Brands and publishers must learn how to reach consumers in new ways due to increasing uncertainty surrounding traditional audience targeting. To meet this challenge, AdMonsters Editorial Director Gavin Dunaway, recently hosted a discussion on “The Present & Future of Audience Addressability,” with Andrew Baron, PubMatic’s Vice President of Marketplace.
Andrew spoke on alternatives to the disappearing cookie and presented several recommendations for publishers trying to navigate the changing environment.
He said that “identity management solutions must be at the center of a cookie-less world,” and recommends that the digital publishing and advertising industries take the following actions to adapt to this new reality:
- Experimentation. The phasing out of cookies and imposition of regulations around identity have spurred private investment in the creation of new IDs and workarounds. Investment in the future of identity management is critical for programmatic buying to remain effective.
- Exploration. Publishers and brands must explore how to leverage first-party data assets, such as lists of signed-in users with email addresses and phone numbers. Owners of first–party data should explore how these assets can be turned into valuable anonymized audience segments to increase addressability.
- Understanding. What are your buyers looking for in the ID space? Individual demand-side platforms (DSPs) are investing in their own IDs and competing against agencies that are also investing in their own IDs. No single ID will rule them all. As well, a publisher that wants access to multiple IDs to boost programmatic demand might pull in a supply-side platform (SSP) for help.

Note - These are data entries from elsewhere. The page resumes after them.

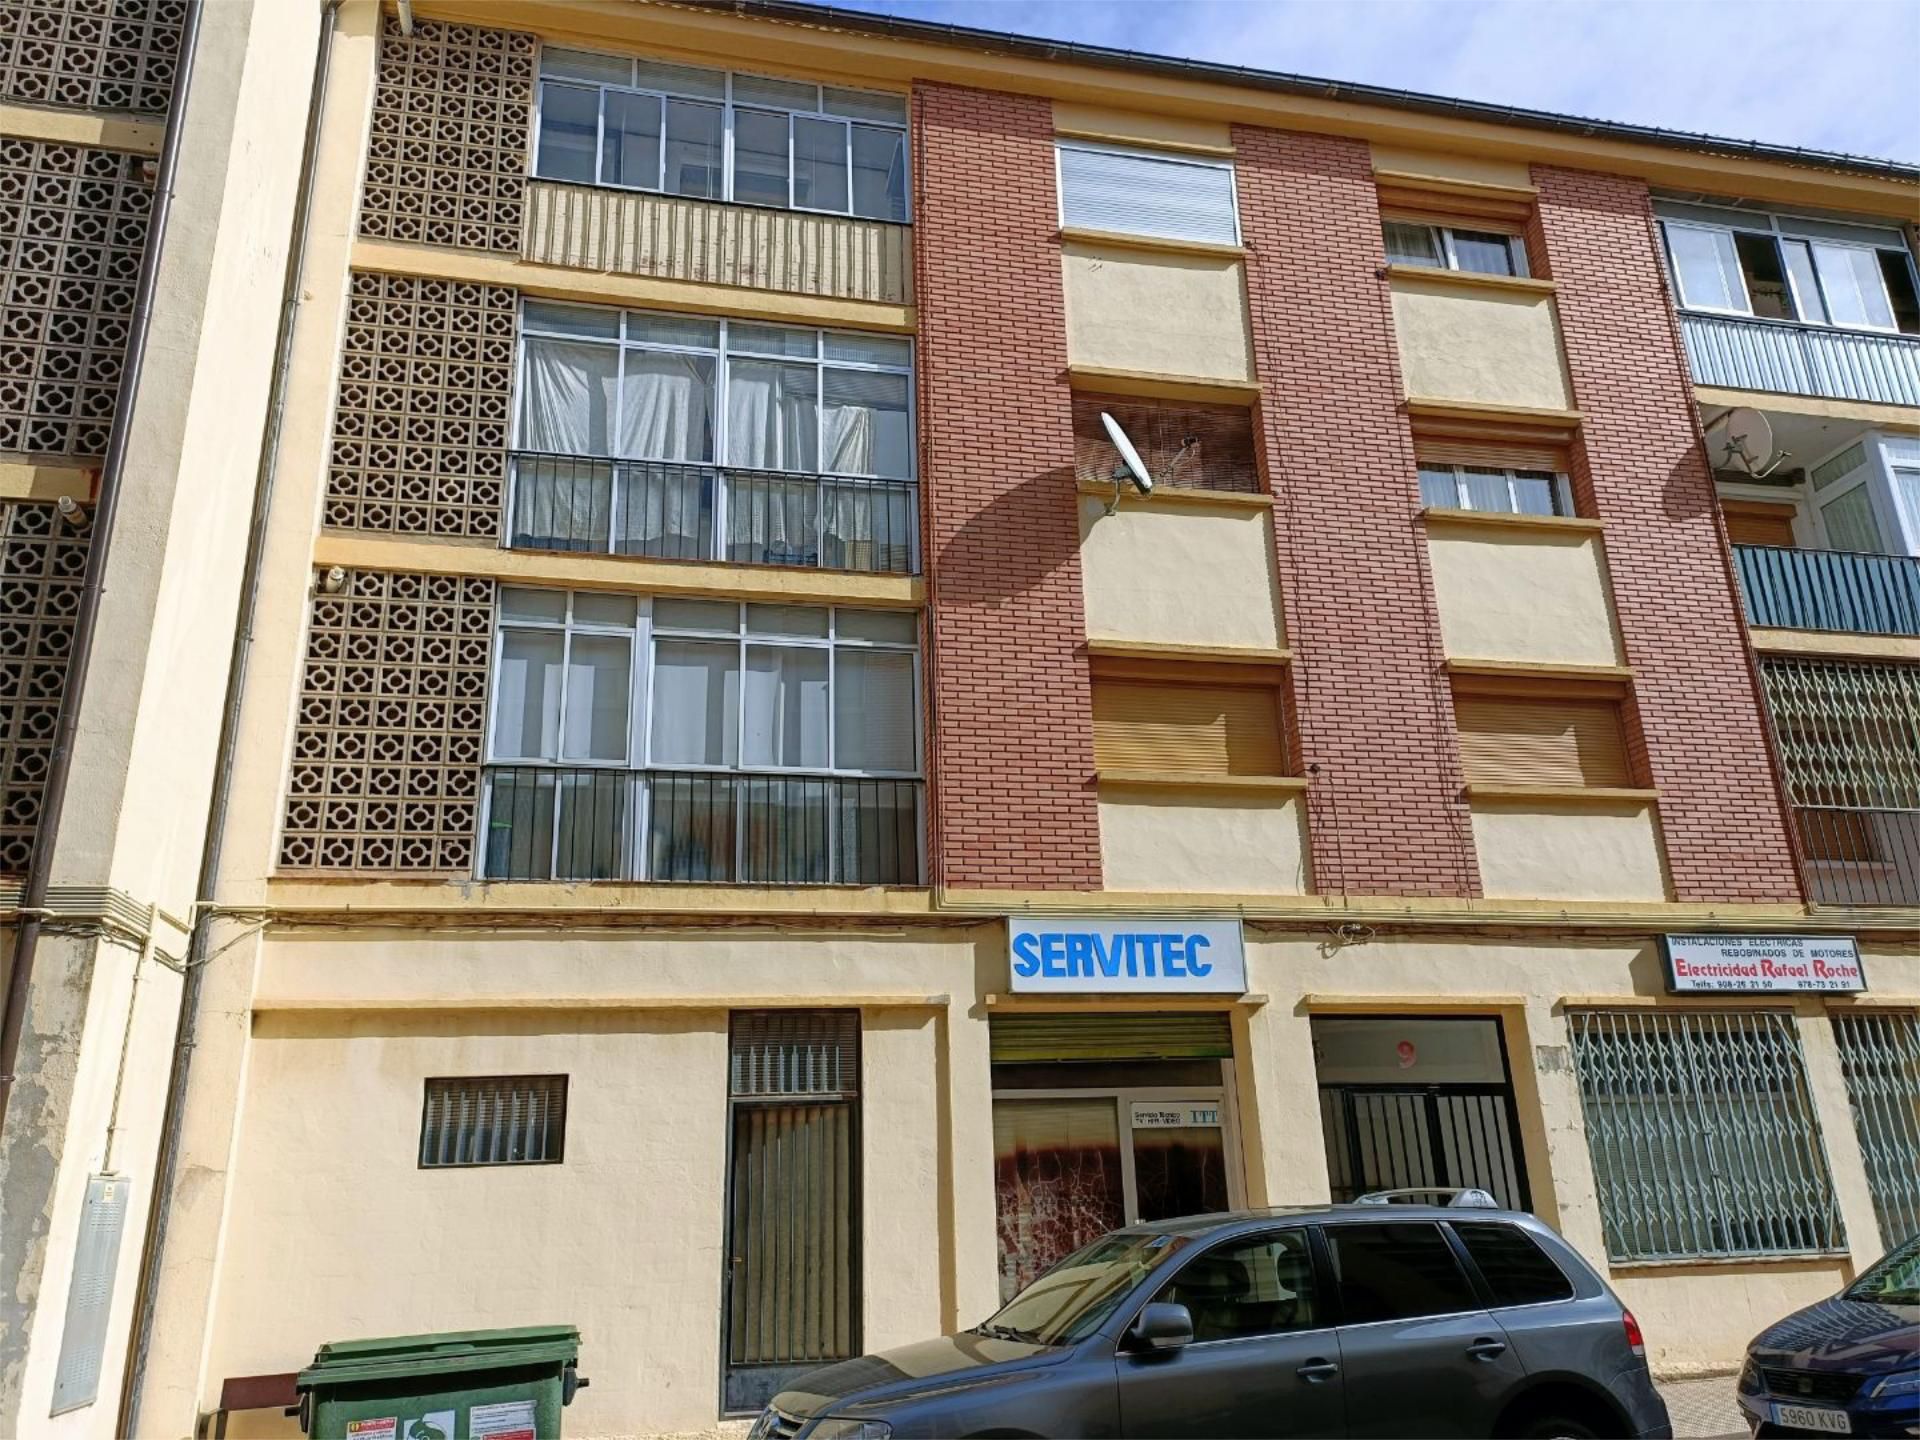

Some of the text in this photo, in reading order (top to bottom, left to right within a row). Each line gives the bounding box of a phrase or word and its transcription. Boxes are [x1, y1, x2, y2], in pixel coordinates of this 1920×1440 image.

[1672, 937, 1803, 947] INSTALACIONES ELECTRICAS
[1721, 948, 1854, 958] REBOBINADOS DE MOTORES
[1012, 932, 1213, 978] SERVITEC
[1675, 958, 1858, 979] Electricidad Rafael Roche
[1396, 1040, 1417, 1069] 9
[1780, 1407, 1847, 1430] 5960 KVG

- Bridging the gap. Publishers, brands, agencies, and tech providers need to figure out how to effectively connect cookie environments and non-cookie environments. This issue is more about cross-channel needs, which have always existed, and solving for individual identifiers in these channels. In the short term, a lot of ID providers will use large cookie pools to help collect more information, whether it’s contextual or behavioral, to build the identity graph of the future.
All of these actions will place identity management at the center of a cookie-less landscape. The pace of change is rapid, partially driven by platforms (e.g. Apple and Google) but also partially driven by regulators. Many EU countries have implemented very consumer–focused privacy regulations, and in the U.S., California is following.
Andrew also thinks that the growth in content engagement, OTT and CTV and e-commerce following the start of the pandemic has changed the way audiences interact with publishers and advertisers. “The pandemic has actually increased the number of eyeballs and the number of addressable audiences, so, this is an exciting time to be thinking about how to reshape the way that we identify users through the highly trackable means of the internet.”